DIRECTIONS: Print each line of the listing once more, precisely as given.

GIVEN INFORMATION:
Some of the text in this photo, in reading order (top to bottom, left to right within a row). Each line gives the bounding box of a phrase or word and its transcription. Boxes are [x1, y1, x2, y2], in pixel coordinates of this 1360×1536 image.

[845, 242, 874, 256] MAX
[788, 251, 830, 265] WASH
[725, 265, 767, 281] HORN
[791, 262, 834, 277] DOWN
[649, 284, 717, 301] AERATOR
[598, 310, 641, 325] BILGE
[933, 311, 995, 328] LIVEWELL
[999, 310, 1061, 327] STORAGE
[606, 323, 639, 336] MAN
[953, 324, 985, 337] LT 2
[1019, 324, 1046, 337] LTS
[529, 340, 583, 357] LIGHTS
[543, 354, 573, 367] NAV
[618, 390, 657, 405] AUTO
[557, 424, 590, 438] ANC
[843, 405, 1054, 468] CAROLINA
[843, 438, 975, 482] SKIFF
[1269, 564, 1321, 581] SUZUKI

OUTPUT OF THE EXERCISE:
Some of the text in this photo, in reading order (top to bottom, left to right within a row). Each line gives the bounding box of a phrase or word and its transcription. Boxes are [x1, y1, x2, y2], in pixel coordinates of this 1360×1536 image.

[845, 242, 874, 256] MAX
[788, 251, 830, 265] WASH
[725, 265, 767, 281] HORN
[791, 262, 834, 277] DOWN
[649, 284, 717, 301] AERATOR
[598, 310, 641, 325] BILGE
[933, 311, 995, 328] LIVEWELL
[999, 310, 1061, 327] STORAGE
[606, 323, 639, 336] MAN
[953, 324, 985, 337] LT 2
[1019, 324, 1046, 337] LTS
[529, 340, 583, 357] LIGHTS
[543, 354, 573, 367] NAV
[618, 390, 657, 405] AUTO
[557, 424, 590, 438] ANC
[843, 405, 1054, 468] CAROLINA
[843, 438, 975, 482] SKIFF
[1269, 564, 1321, 581] SUZUKI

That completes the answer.